> REQUIRED WORK
Your task is to output the listing word for word, with pictures excluded.

[[ TASK MATERIAL open ]]

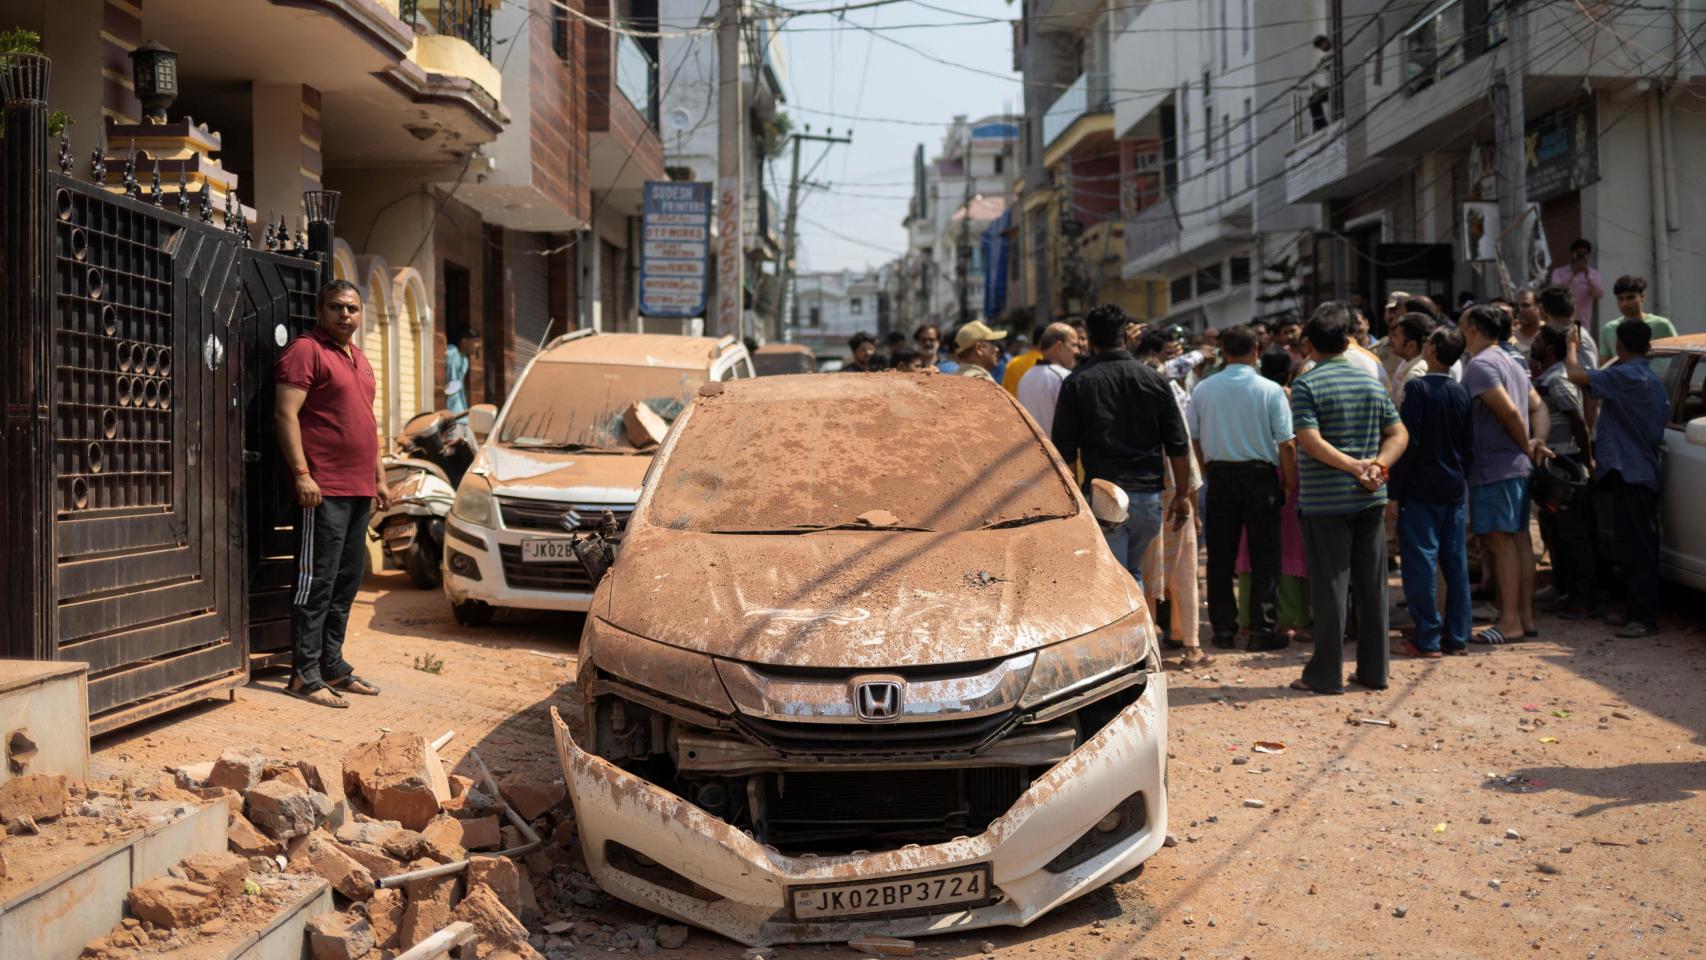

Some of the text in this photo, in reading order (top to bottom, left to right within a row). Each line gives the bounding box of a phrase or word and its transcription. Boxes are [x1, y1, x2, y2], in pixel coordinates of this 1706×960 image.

[652, 186, 693, 201] SUDESH
[661, 200, 706, 213] PRINTERS
[532, 543, 573, 558] JK02B
[816, 874, 981, 911] JK02BP3724

[[ TASK MATERIAL closed ]]

> YOUR SOLUTION
Some of the text in this photo, in reading order (top to bottom, left to right within a row). Each line gives the bounding box of a phrase or word and its transcription. Boxes are [x1, y1, x2, y2], in pixel coordinates of this 1706×960 image.

[652, 186, 693, 201] SUDESH
[661, 200, 706, 213] PRINTERS
[532, 543, 573, 558] JK02B
[816, 874, 981, 911] JK02BP3724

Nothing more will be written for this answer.